De katten in ons gebouwencomplex hebben hun territorium strikt afgebakend: de muizenvangers van de begane grond, de eerste en de tweede verdieping blijven op hun woonlaag, tenzij de honger hen aanzet tot een uitstapje naar een keuken over de grens. Het terras is uitsluitend bestemd voor de kleintjes, hoewel de aristokatten uit het vroegere Siam er soms ook gebruik van maken om hun vacht te likken en te zonnebaden. Sommige katers nemen genoegen met een kleiner plekje om te spinnen en soezen, zoals het wachtershuisje waar ze de arme kerel, die zich misschien wat katterig voelde, hebben betrapt tijdens zijn kattenslaapje. God heeft deze katten twee klankkasten geschonken: één om te spinnen en één om te miauwen, en bij speciale gelegenheden houden enkele sopraankatten alle bewoners in de omgeving wakker met hun nachtvoorstellingen.
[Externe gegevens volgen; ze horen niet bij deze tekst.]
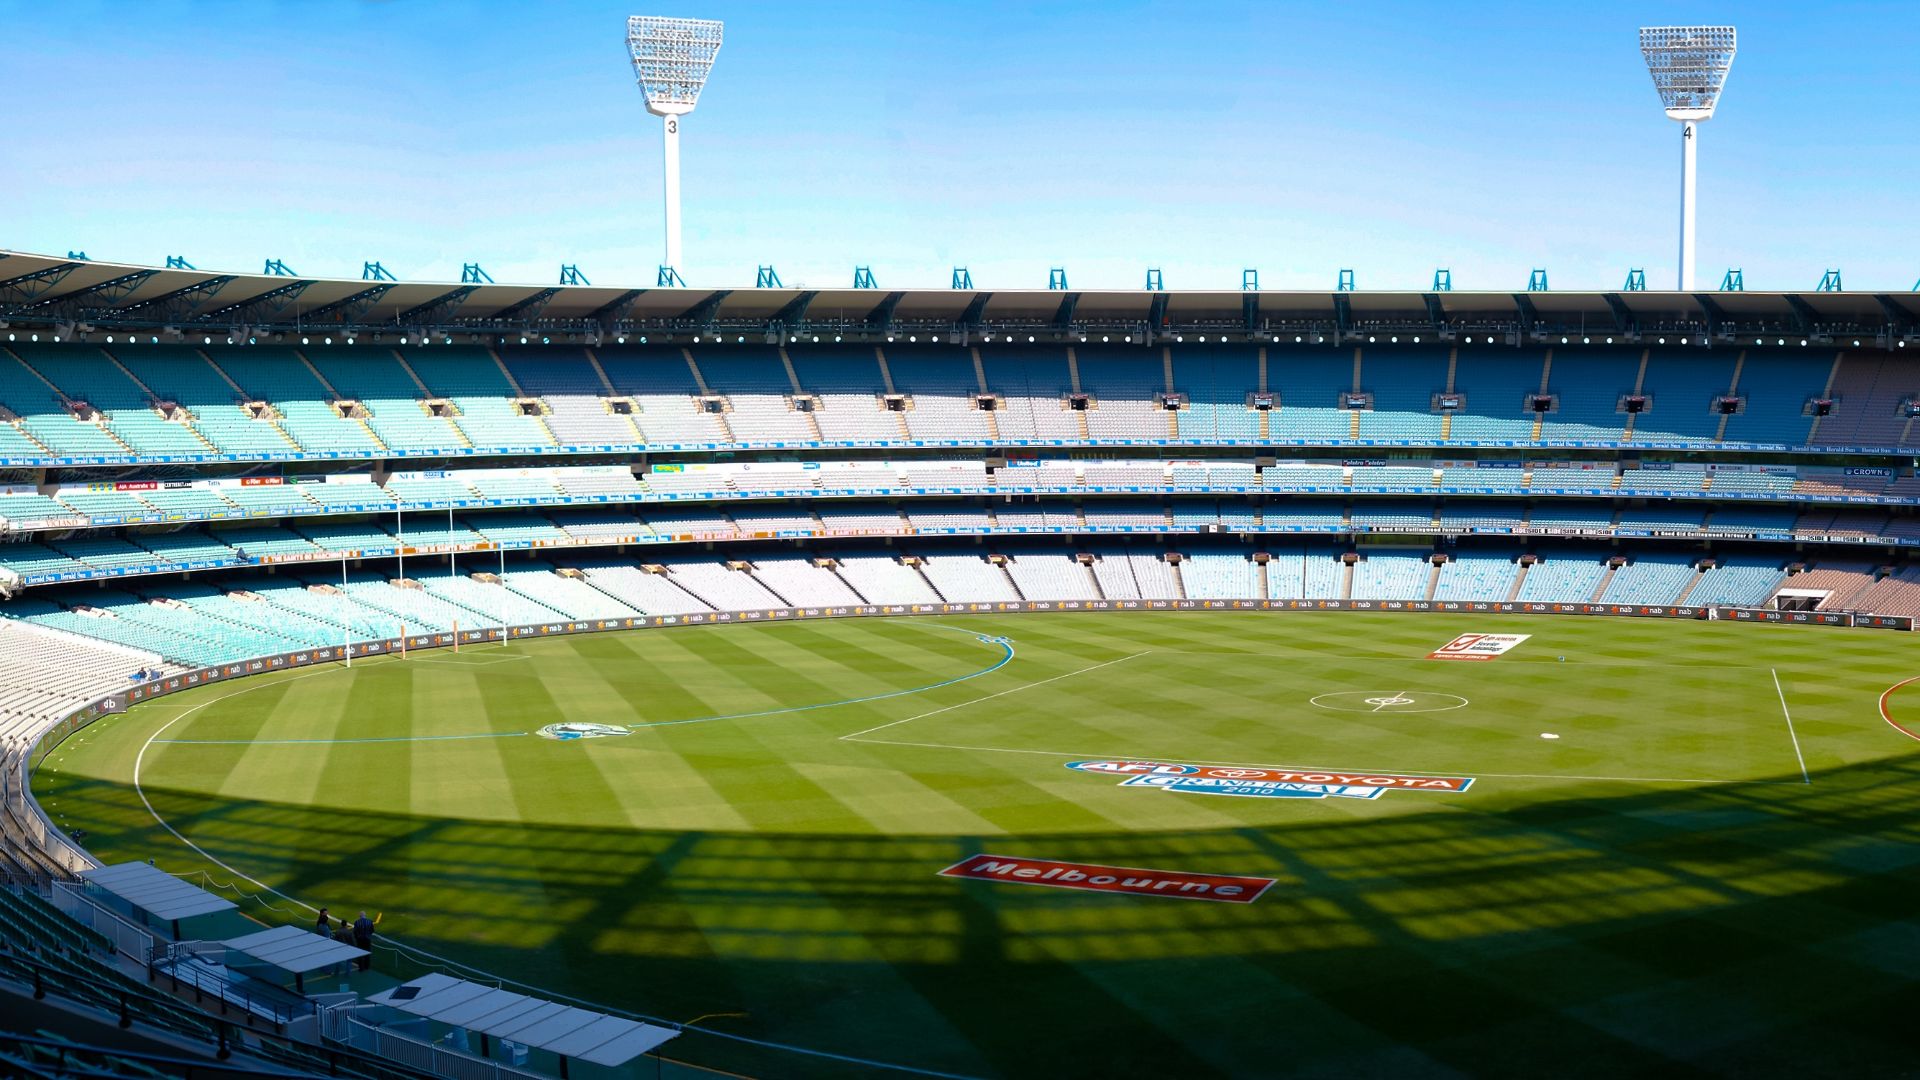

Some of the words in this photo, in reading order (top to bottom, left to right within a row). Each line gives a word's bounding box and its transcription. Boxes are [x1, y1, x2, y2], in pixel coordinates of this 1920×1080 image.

[668, 120, 676, 133] 3
[1684, 126, 1692, 140] 4
[1074, 762, 1186, 775] AFL
[1278, 773, 1452, 788] TOYOTA
[1144, 775, 1258, 788] GRAND
[1263, 780, 1369, 796] FINAL
[1222, 786, 1275, 795] 2010
[972, 861, 1243, 896] Melbourne
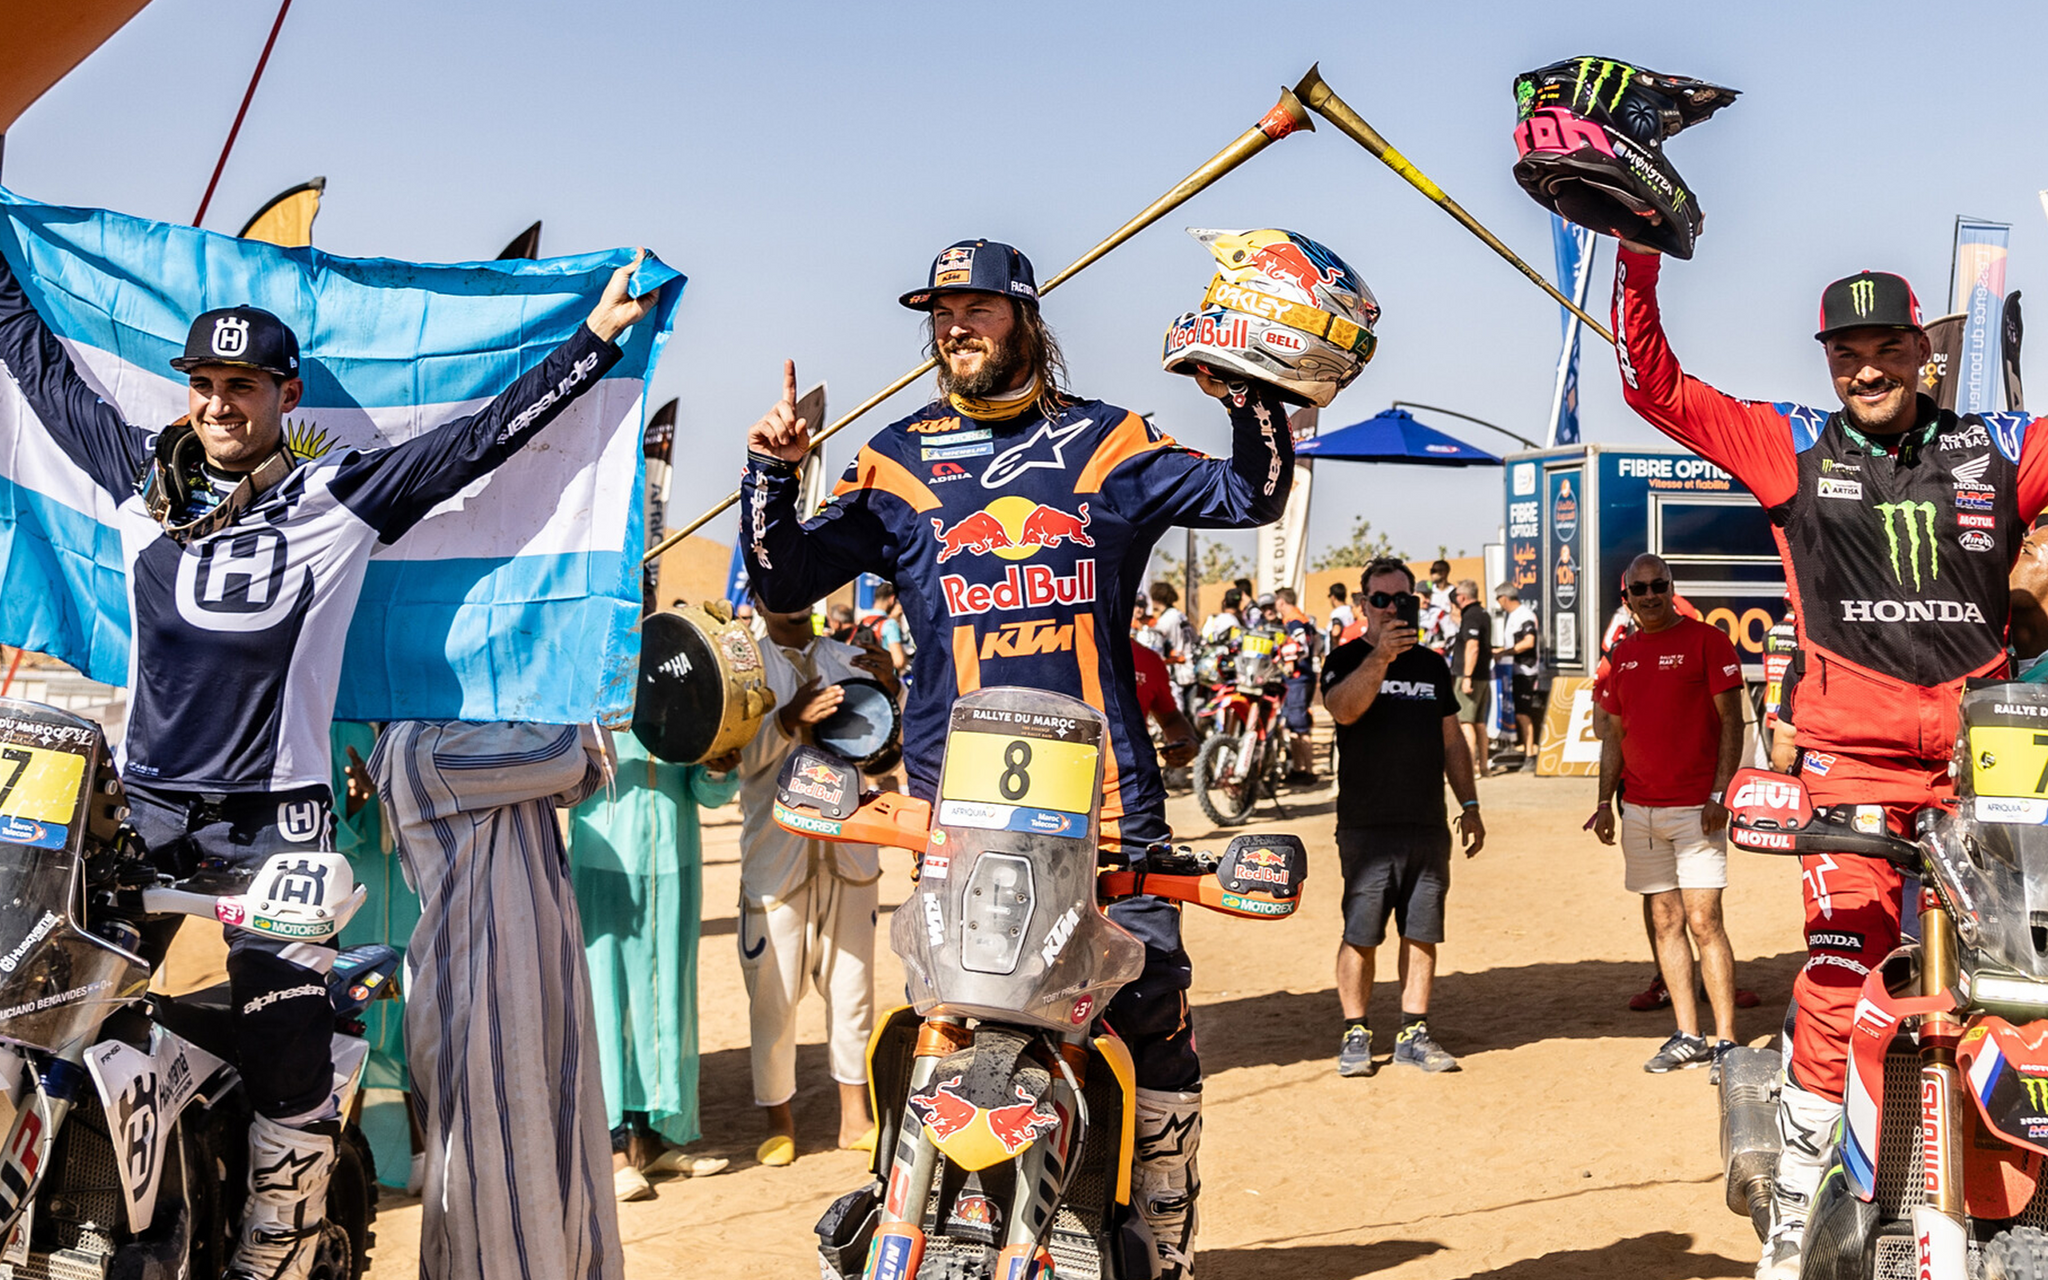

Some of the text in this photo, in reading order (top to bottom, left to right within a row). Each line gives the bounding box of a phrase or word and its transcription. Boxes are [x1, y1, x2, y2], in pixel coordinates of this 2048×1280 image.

[1215, 284, 1294, 320] OAKLEY
[1200, 318, 1249, 350] Bull
[1265, 332, 1302, 350] BELL
[906, 416, 961, 433] KTM
[1940, 435, 1990, 452] AIR BAG
[1619, 458, 1673, 478] FIBRE
[928, 472, 973, 485] ADRIA
[1648, 479, 1730, 490] Vitesse et fiabilité
[1953, 482, 1996, 492] HONDA
[1509, 501, 1539, 524] FIBRE
[1959, 514, 1994, 527] MOTUL
[941, 560, 1095, 615] Red Bull
[1840, 600, 1986, 624] HONDA
[980, 619, 1075, 660] KTM
[973, 709, 1076, 729] RALLYE DU MAROC
[1993, 704, 2038, 717] RALLYE
[16, 721, 60, 738] MAROC
[999, 740, 1032, 800] 8
[788, 777, 843, 805] Red Bull
[1732, 781, 1801, 810] GIVI
[951, 807, 987, 818] AFRIQUIA
[1987, 803, 2022, 812] AFRIQUIA
[10, 820, 34, 832] Maroc
[783, 813, 841, 835] MOTOREX
[1030, 819, 1059, 830] Telecom
[1037, 813, 1060, 823] Maroc
[1736, 830, 1790, 848] MOTUL
[1235, 864, 1290, 885] Red Bull
[1240, 899, 1293, 914] MOTOREX
[271, 921, 333, 936] MOTOREX
[923, 893, 945, 947] KTM
[1041, 907, 1080, 968] KTM
[1809, 933, 1862, 948] HONDA
[37, 985, 88, 1010] BENAVIDES
[243, 983, 326, 1015] alpinestars
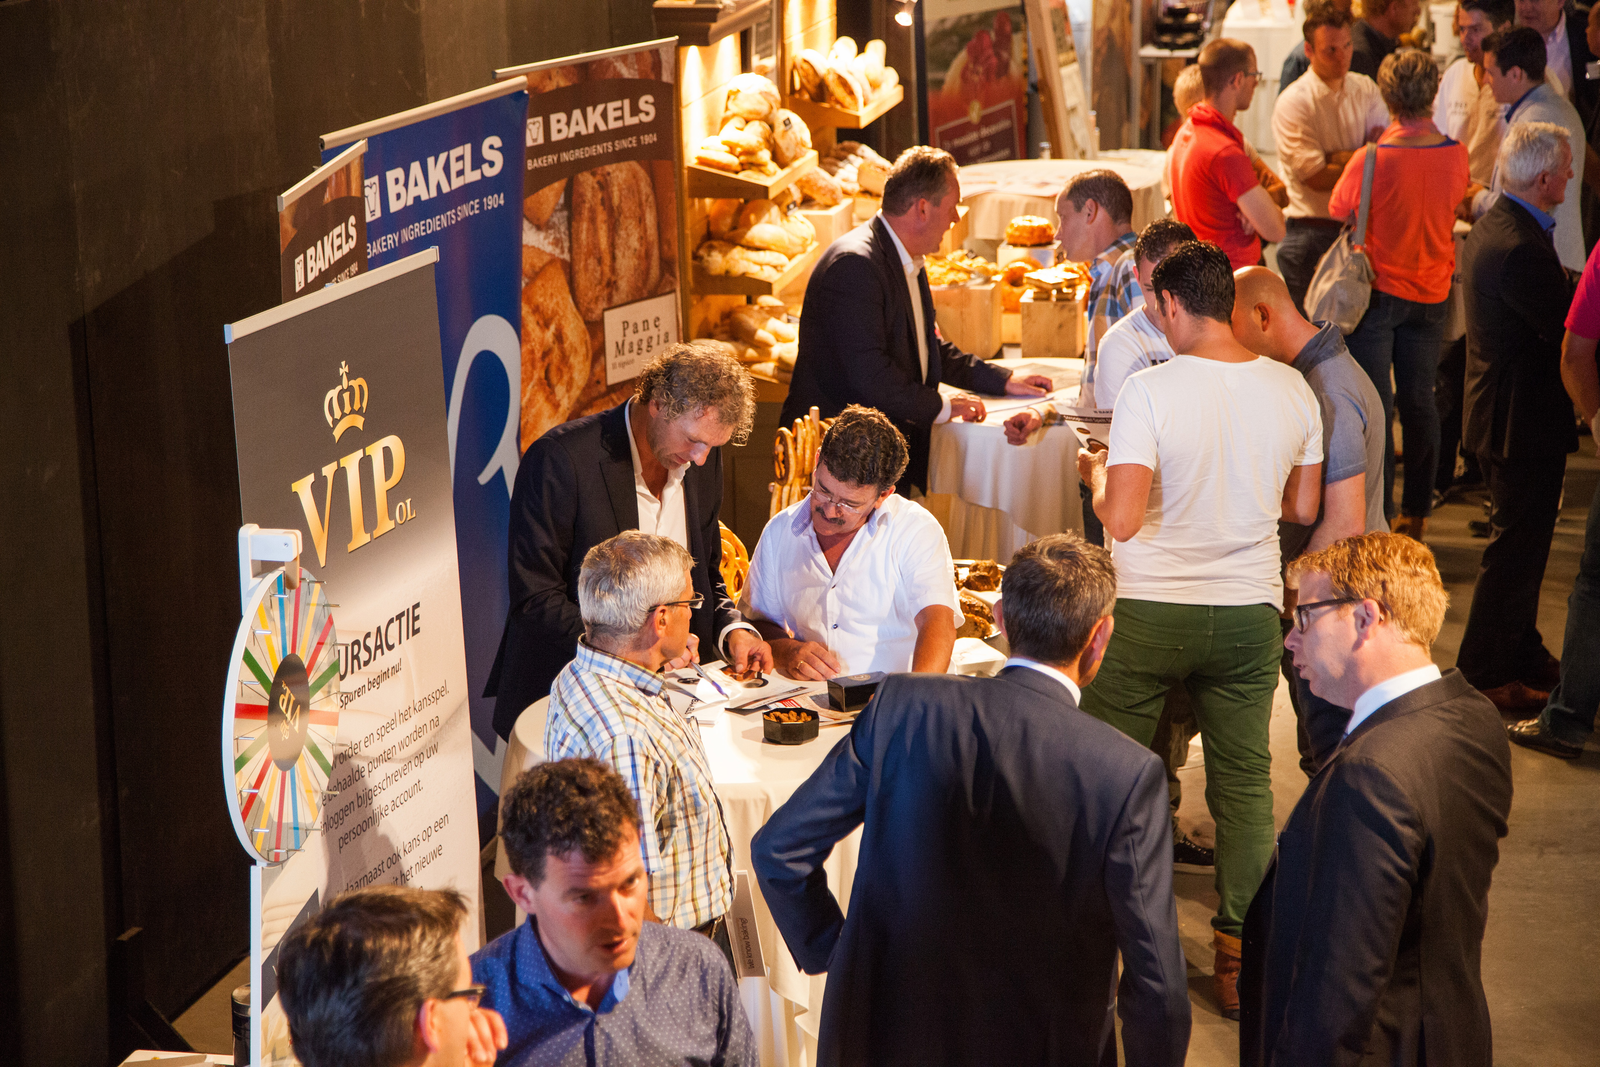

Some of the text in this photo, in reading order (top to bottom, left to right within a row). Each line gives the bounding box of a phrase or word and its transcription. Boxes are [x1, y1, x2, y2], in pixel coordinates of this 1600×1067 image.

[527, 133, 658, 170] BAKERY INGREDIENTS SINCE 1904
[550, 94, 656, 142] BAKELS
[386, 135, 504, 213] BAKELS
[306, 215, 357, 283] BAKELS
[367, 192, 505, 259] BAKERY INGREDIENTS SINCE 1904
[615, 328, 669, 358] Maggia
[622, 316, 660, 337] Pane
[291, 434, 416, 569] VIP OL
[368, 667, 390, 690] begint
[391, 658, 402, 677] nu!
[339, 740, 362, 765] order
[364, 732, 374, 748] en
[377, 712, 397, 742] speel
[399, 705, 412, 725] het
[413, 679, 449, 716] kansspel.
[320, 800, 355, 837] inloggen
[356, 761, 412, 808] bijgeschreven
[414, 751, 424, 768] op
[426, 742, 438, 759] uw
[327, 764, 365, 801] behaalde
[367, 745, 397, 777] punten
[398, 725, 427, 752] worden
[429, 716, 440, 731] na
[338, 779, 423, 854] persoonlijke account.
[344, 814, 449, 896] daarnaast ook kans op een
[400, 865, 413, 886] het
[415, 844, 443, 874] nieuwe
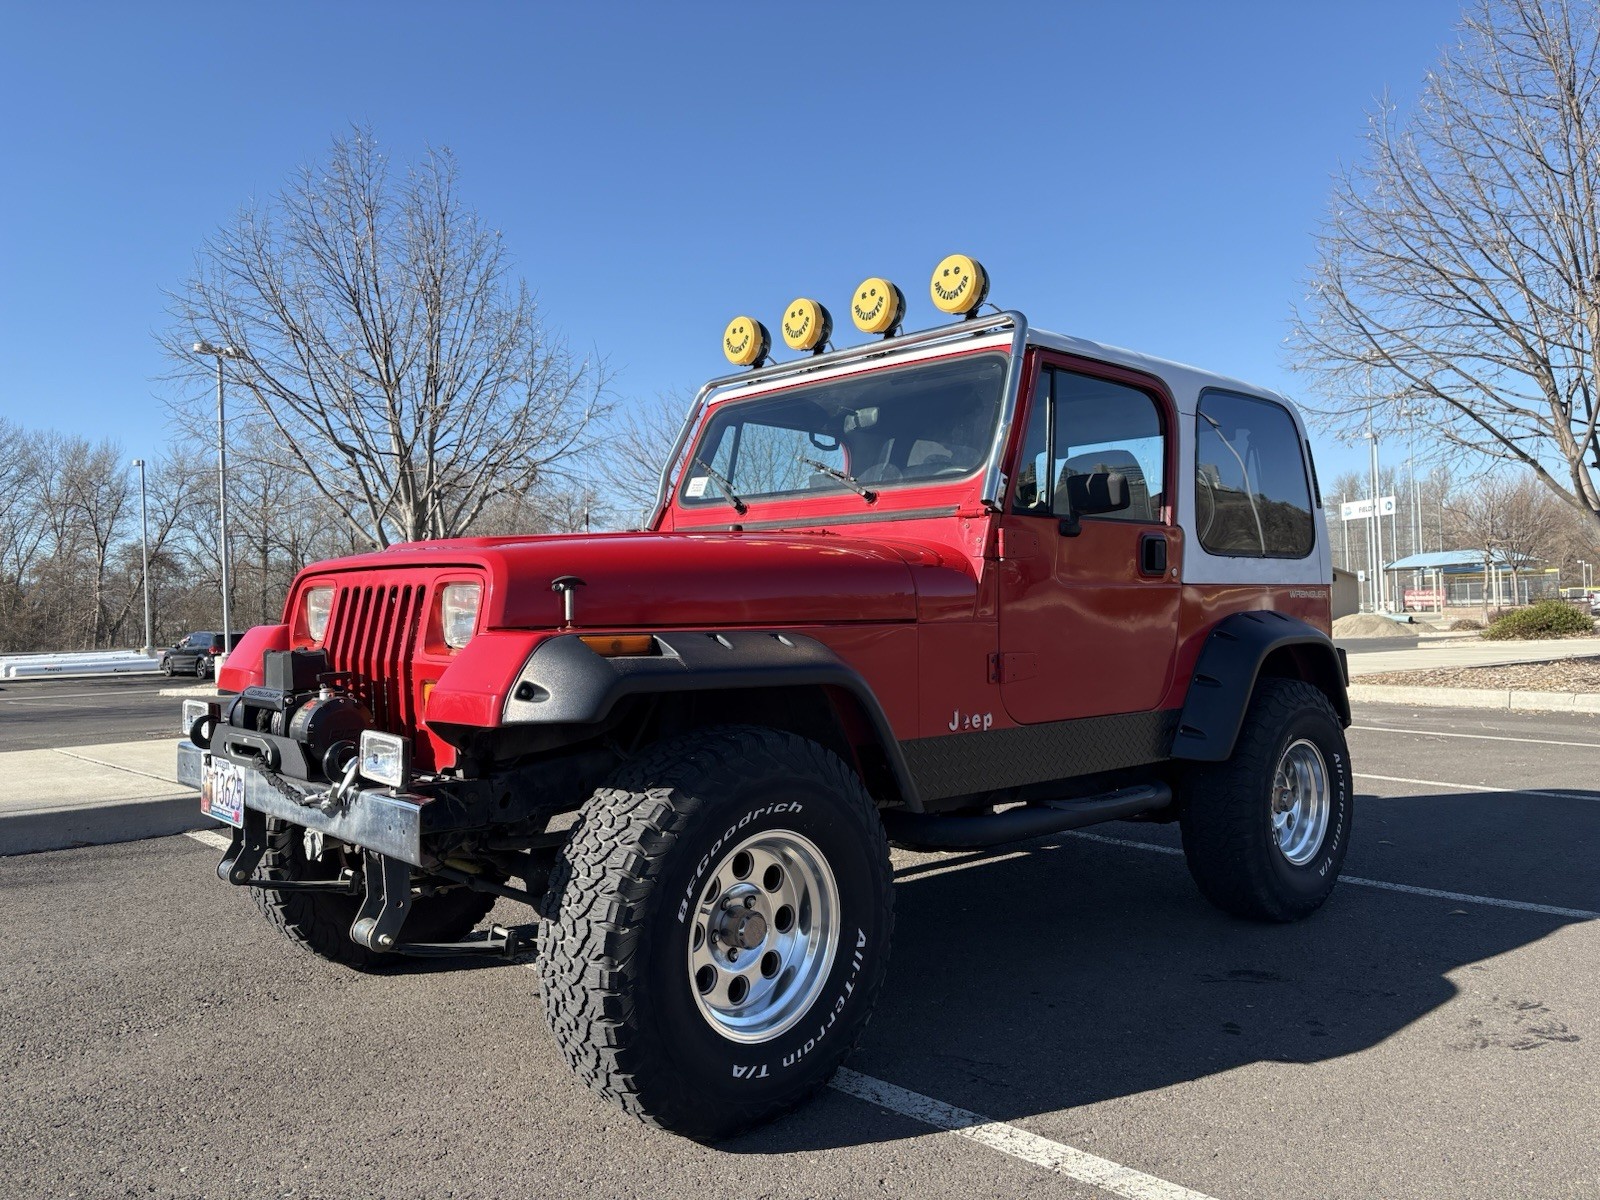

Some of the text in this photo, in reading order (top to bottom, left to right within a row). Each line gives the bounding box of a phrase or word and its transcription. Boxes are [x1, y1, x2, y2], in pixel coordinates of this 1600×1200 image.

Sommige bewoners, die gesteld zijn op netheid en orde, vallen bijna in katzwijm als de viervoeters weer eens kattenkwaad hebben uitgehaald. De haviken onder de bewoners willen het liefst de kat met negen staarten ter hand nemen om ze te verjagen, maar de duiven kijken liever de kat uit de boom en wachten af wie de kat de bel gaat aanbinden!